Comparing the two banks

Unity Bank was last valued at N19.4 billion before its shares were suspended in May 2024.

Providus Bank, by comparison, had grown its asset base from N373 billion in 2020 to N2.56 trillion in 2024.

Its customer deposits reached N1.5 trillion, while profit after tax stood at N33 billion, slightly down from N43.5 billion in 2023.

AMCON’s exit from Unity Bank 

Before this transaction, Unity Bank was owned by a small group of institutional and private investors, with AMCON as the largest single shareholder.

In addition to AMCON’s 34.22% stake, PanAfrican Capital Nominee Limited held 12.67%, Lighthouse Capital Limited had 9.01%, Ibad Limited held 6.14%, and El-Amin Nigeria Limited owned 5.27%. The remaining 32.69% was held by various other shareholders.

AMCON’s divestment marks its official exit from Unity Bank, more than a decade after it took over as part of Nigeria’s post-crisis bank clean-up.

AMCON’s sale of its Unity Bank stake concludes years of ownership following the bank’s earlier rescue.

  • The deal delivers a substantial cash inflow for the government-owned asset manager and likely represents a profitable exit based on Unity Bank’s historical market lows.
  • The timing is significant, coming just a day before Unity Bank’s court-ordered shareholder meeting scheduled for Friday, September 26, 2025, where shareholders will vote on key aspects of the merger, including cash payouts, transfer of assets and liabilities, and board approvals.

Court-sanctioned merger timeline 

Per the court order by Hon. Justice D.I. Dipeolu, Unity Bank shareholders will decide whether to approve a cash consideration of N3.18 per share or opt for a share swap under which every 17 Unity Bank shares convert into 18 shares in the enlarged Providus Bank.

  • If approved, Unity Bank’s assets, liabilities, intellectual property, and ongoing legal matters will be transferred to Providus.
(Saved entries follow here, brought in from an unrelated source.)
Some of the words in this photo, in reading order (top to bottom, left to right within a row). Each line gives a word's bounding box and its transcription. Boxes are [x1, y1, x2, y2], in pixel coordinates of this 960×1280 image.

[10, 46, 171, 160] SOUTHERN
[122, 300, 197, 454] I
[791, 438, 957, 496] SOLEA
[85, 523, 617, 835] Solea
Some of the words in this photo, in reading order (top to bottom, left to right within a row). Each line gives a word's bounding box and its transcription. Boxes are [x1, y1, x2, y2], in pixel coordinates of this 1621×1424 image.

Unity Bank will be dissolved, with Providus continuing as the surviving entity.
  • The meeting is expected to pave the way for regulatory sign-offs from the Central Bank of Nigeria (CBN) and the Securities and Exchange Commission (SEC), both of which had already approved the merger in August 2024.
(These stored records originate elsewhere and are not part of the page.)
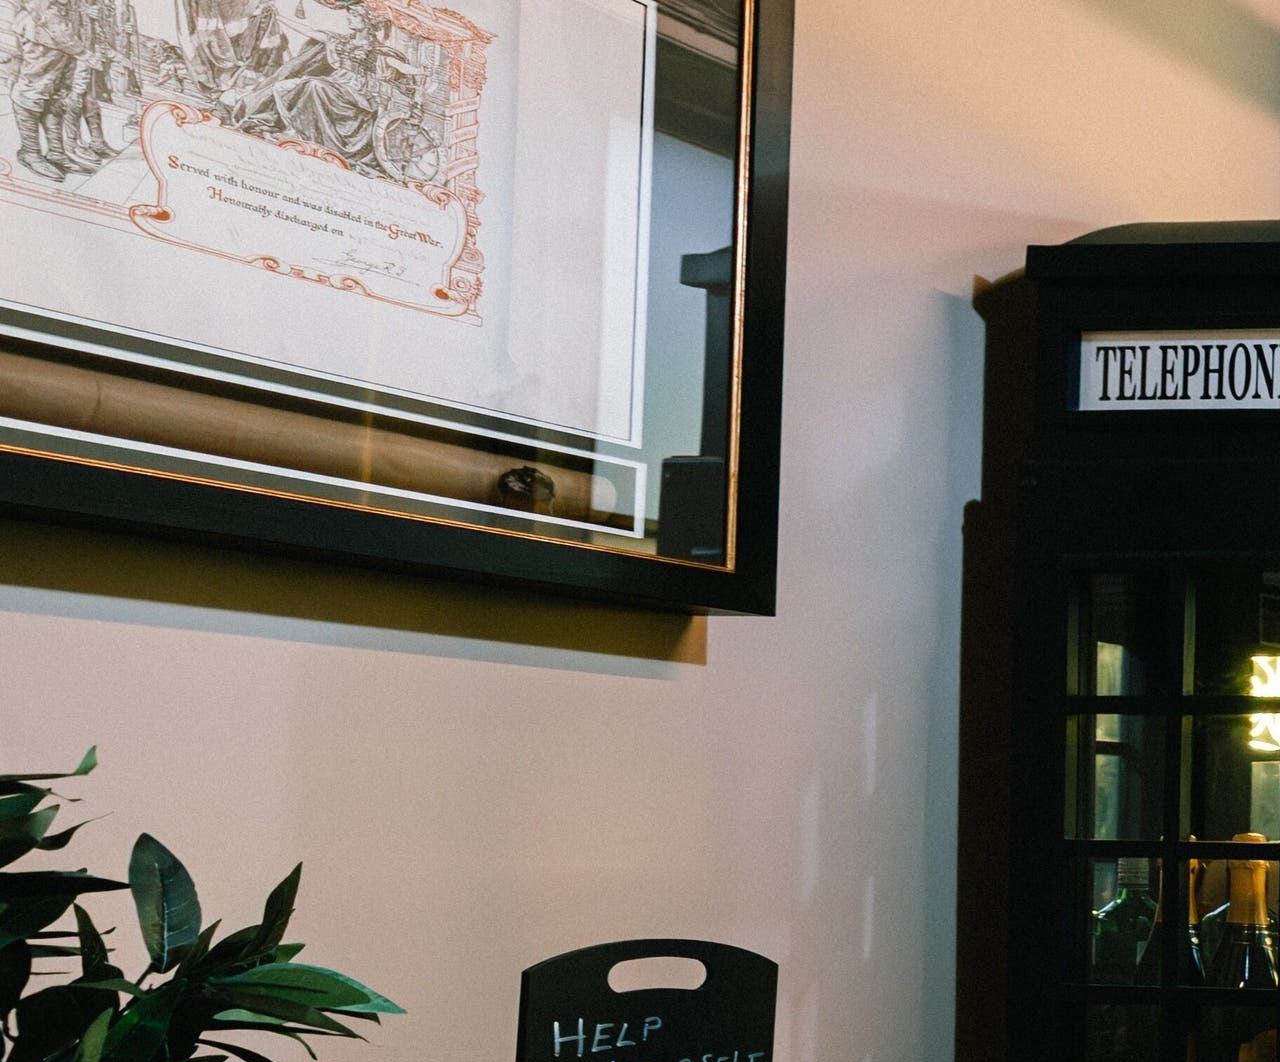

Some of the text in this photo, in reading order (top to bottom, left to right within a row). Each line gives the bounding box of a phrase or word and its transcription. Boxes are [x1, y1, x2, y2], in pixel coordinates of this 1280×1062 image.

[167, 154, 210, 178] Served
[213, 173, 238, 187] with
[241, 179, 280, 199] honour
[282, 195, 301, 206] and
[302, 201, 323, 212] was
[324, 206, 362, 223] disabled
[363, 217, 374, 227] in
[375, 221, 388, 231] the
[388, 224, 418, 240] Great
[206, 186, 272, 218] Honourably
[274, 210, 329, 232] discharged
[552, 1016, 663, 1058] HELP
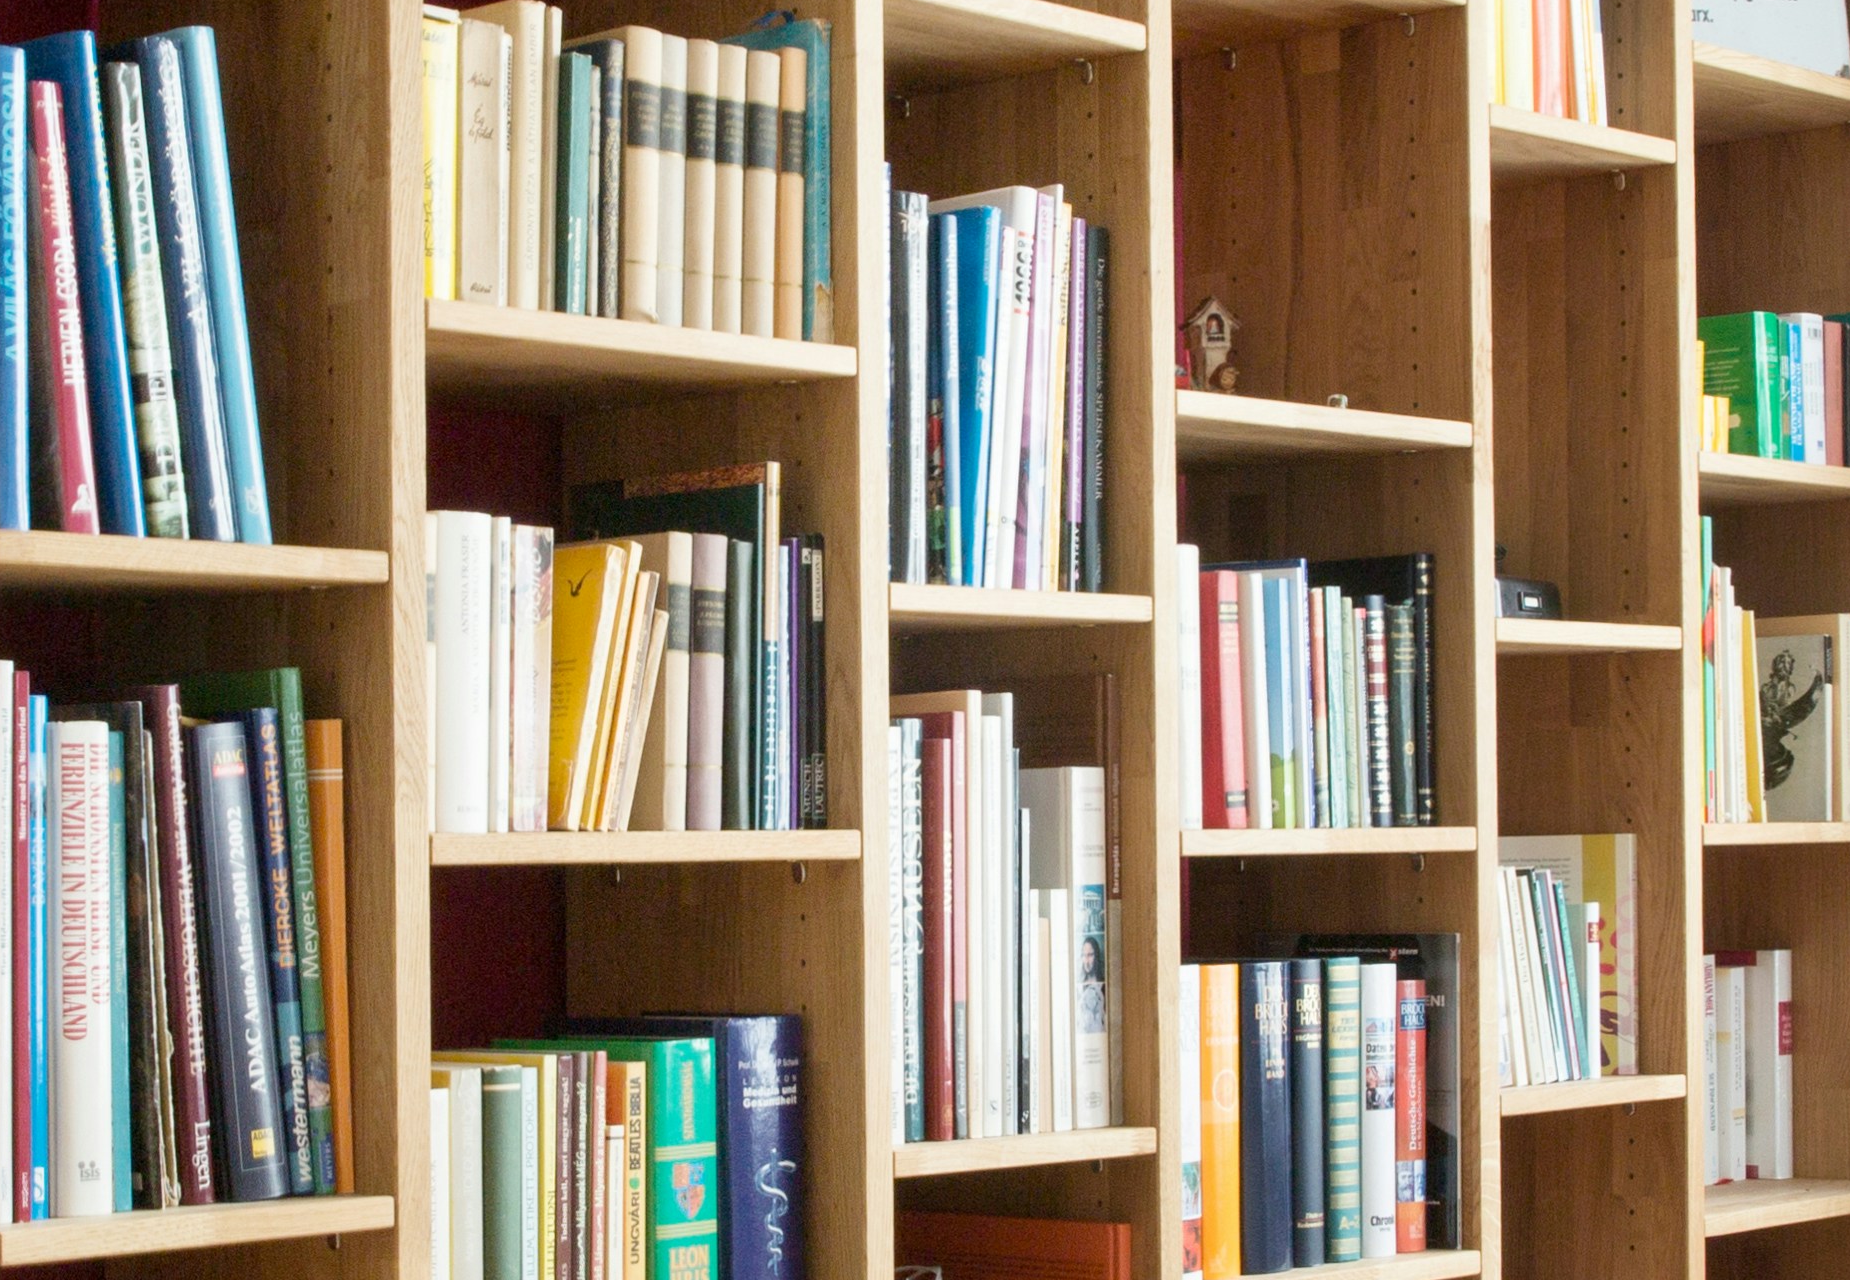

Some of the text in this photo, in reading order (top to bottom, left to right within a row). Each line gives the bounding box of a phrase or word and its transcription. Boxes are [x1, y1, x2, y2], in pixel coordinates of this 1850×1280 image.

[260, 723, 287, 856] WELTATLAS
[288, 711, 322, 979] Meyers Universalatlas
[227, 805, 257, 920] 2001/2002
[194, 1120, 210, 1190] Lingen
[286, 1033, 313, 1183] westermann
[629, 1076, 642, 1171] BEATLES BIBLIA
[668, 1243, 710, 1268] LEON
The CBN had also backed the deal with a N700 billion lifeline loan to recapitalize the combined entity.

Why the merger matters 

Providus Bank sees the merger as a strategic play to accelerate its presence in retail banking, a segment Unity Bank has long operated in with geographic depth.
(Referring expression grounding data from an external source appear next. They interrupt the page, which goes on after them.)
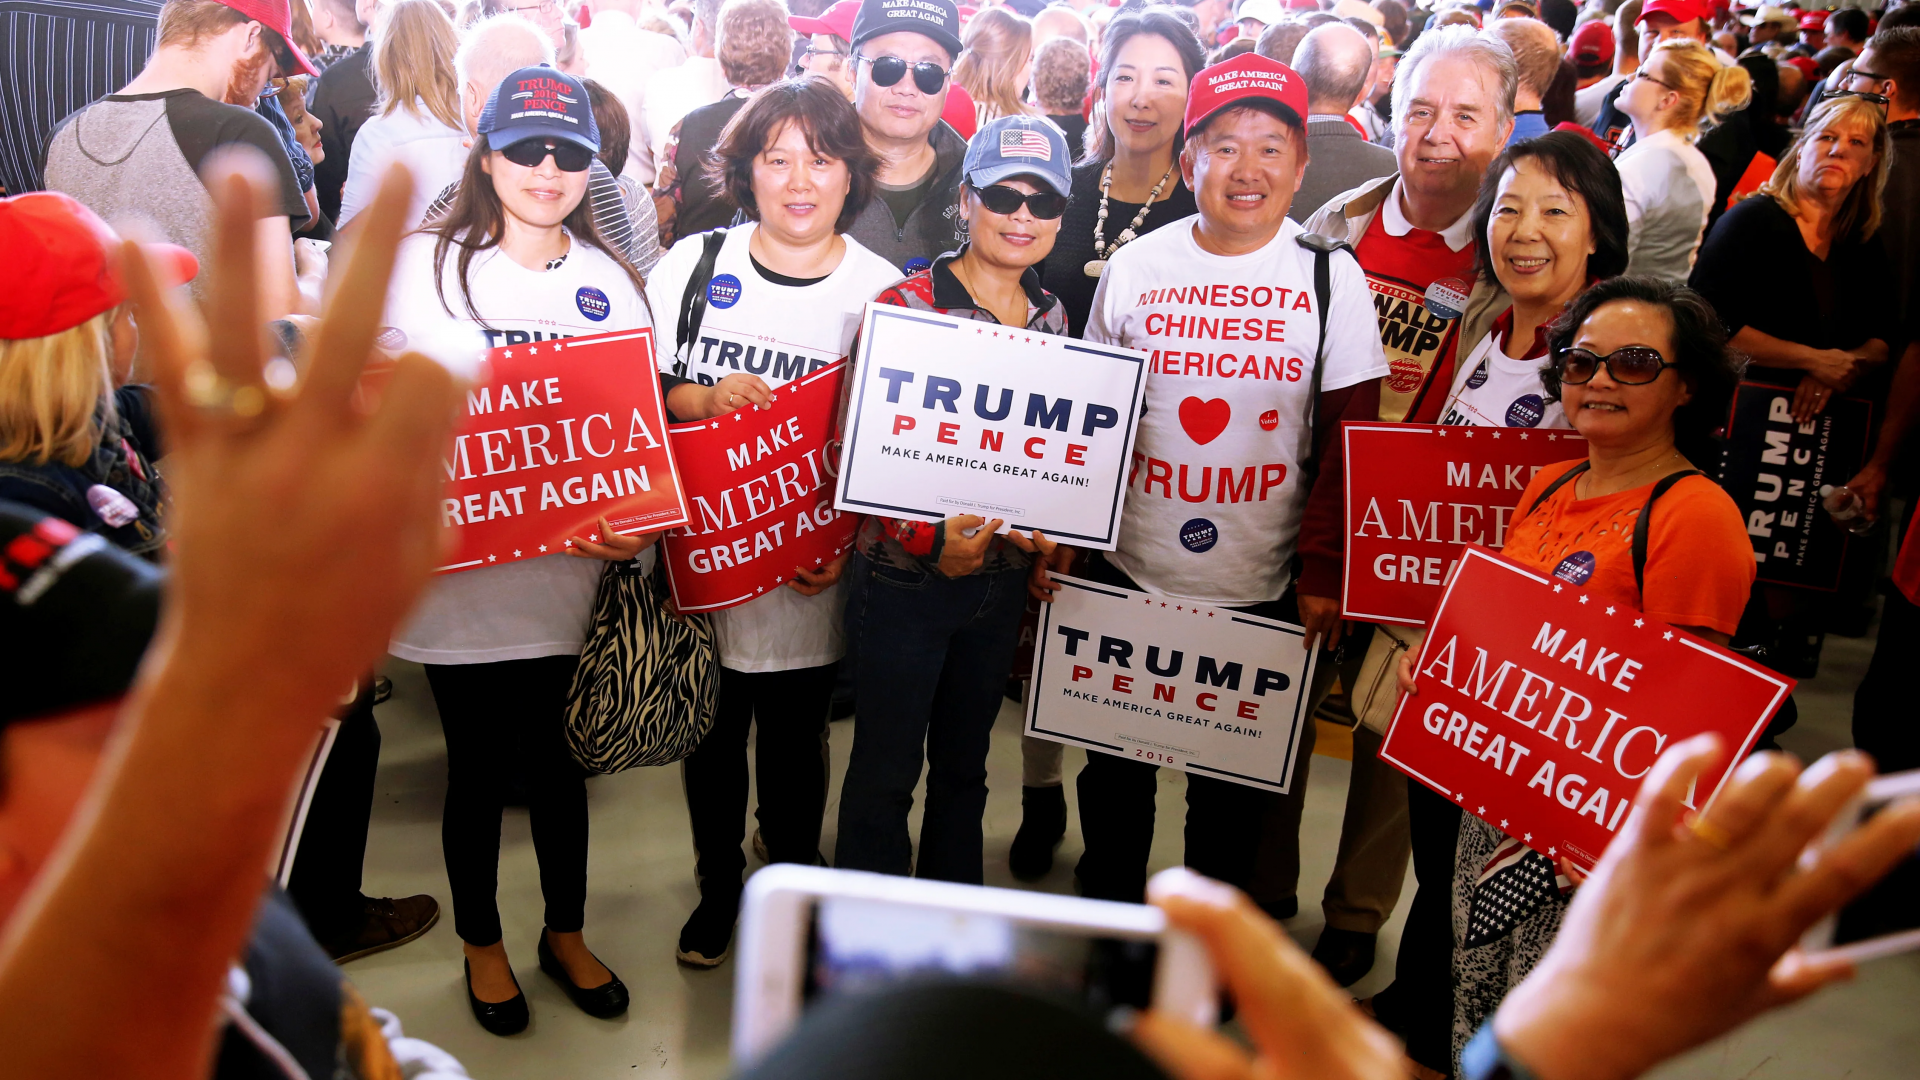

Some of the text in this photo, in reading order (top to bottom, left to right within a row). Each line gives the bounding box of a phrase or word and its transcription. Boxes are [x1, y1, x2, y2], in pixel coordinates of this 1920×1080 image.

[882, 0, 909, 8] MAKE
[910, 0, 948, 18] AMERICA
[887, 10, 944, 26] GREAT AGAIN
[517, 78, 573, 95] TRUMP
[533, 89, 558, 100] 2016
[1208, 70, 1288, 86] MAKE AMERICA
[1214, 80, 1283, 94] GREAT AGAIN
[523, 99, 568, 113] PENCE
[579, 295, 608, 307] TRUMP
[711, 285, 739, 293] TRUMP
[1135, 284, 1312, 314] MINNESOTA
[1388, 287, 1417, 302] FROM
[1435, 286, 1465, 301] TRUMP
[1145, 313, 1286, 343] CHINESE
[1373, 293, 1448, 334] NALD
[1130, 346, 1304, 383] MERICANS
[466, 377, 562, 416] MAKE
[878, 367, 1119, 437] TRUMP
[1513, 402, 1539, 418] TRUMP
[892, 414, 1089, 466] PENCE
[1260, 417, 1277, 425] Voted
[442, 407, 662, 482] MERICA
[726, 416, 804, 471] MAKE
[881, 445, 1090, 488] MAKE AMERICA GREAT AGAIN!
[1129, 451, 1287, 504] TRUMP
[1747, 396, 1795, 563] RUMP
[440, 465, 651, 529] REAT AGAIN
[667, 439, 839, 538] MERIC
[1773, 418, 1816, 559] PENCE
[1796, 416, 1833, 566] MAKE AMERICA GREAT AGAIN!
[688, 520, 785, 574] GREAT
[1183, 527, 1213, 540] TRUMP
[1561, 560, 1589, 575] TRUMP
[1057, 624, 1291, 697] TRUMP
[1531, 621, 1643, 692] MAKE
[1071, 664, 1260, 721] PENCE
[1063, 688, 1263, 739] MAKE AMERICA GREAT AGAIN!
[1422, 635, 1698, 810] AMERIC
[1136, 749, 1174, 764] 2016
[1423, 702, 1629, 832] GREAT AGAI
The synergy between the two banks also lies in their shared focus on SME lending and emerging sectors, including agriculture, hospitality, e-commerce, mining, and entertainment.

The integration will provide the enlarged bank with the scale to compete nationally, while leveraging Providus Bank’s digital infrastructure to modernize service delivery across Unity Bank’s physical branches.